----- STORED DATA

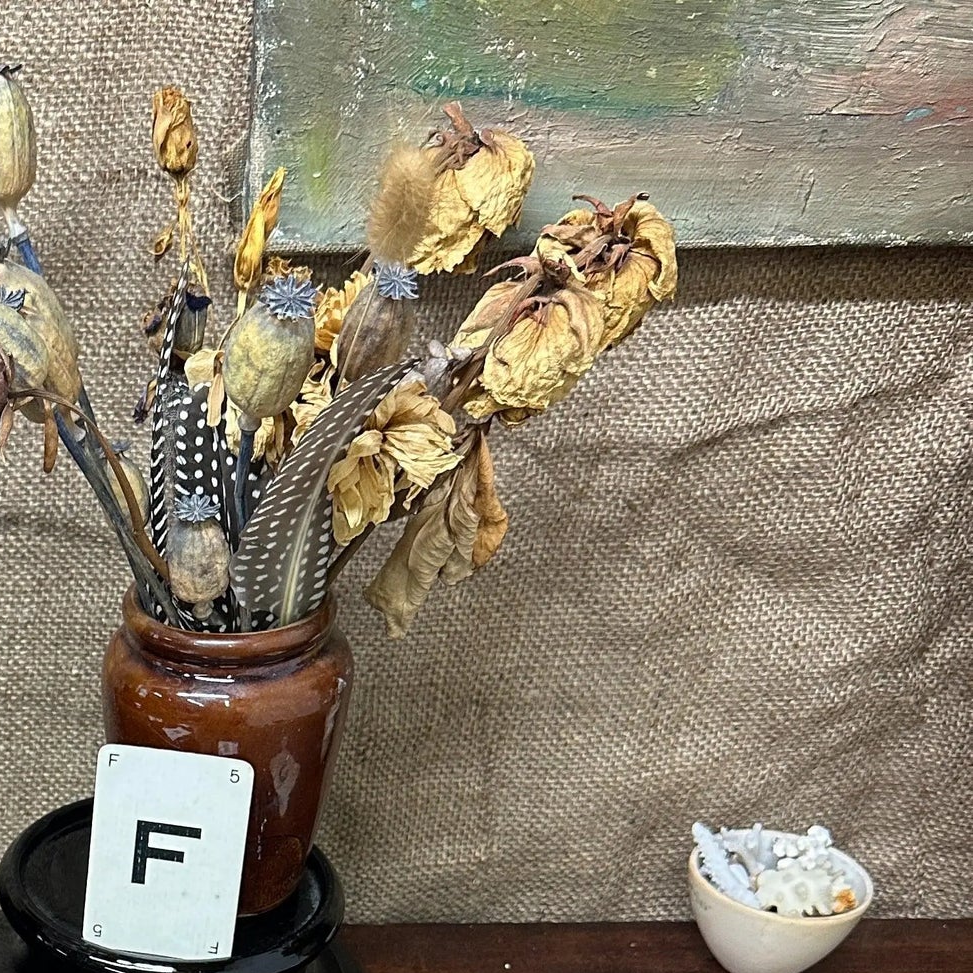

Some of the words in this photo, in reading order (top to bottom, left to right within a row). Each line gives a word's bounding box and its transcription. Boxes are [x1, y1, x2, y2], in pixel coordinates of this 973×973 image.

[108, 753, 120, 767] F
[229, 769, 240, 784] 5
[130, 819, 203, 885] F
[92, 923, 103, 938] 5
[207, 941, 219, 955] F

----------

**YOUR OBJECTIVE:** All records should be output exactly, with the pictures left out.

**WRITTEN SOLUTION:**
Some of the words in this photo, in reading order (top to bottom, left to right within a row). Each line gives a word's bounding box and its transcription. Boxes are [x1, y1, x2, y2], in pixel coordinates of this 973×973 image.

[108, 753, 120, 767] F
[229, 769, 240, 784] 5
[130, 819, 203, 885] F
[92, 923, 103, 938] 5
[207, 941, 219, 955] F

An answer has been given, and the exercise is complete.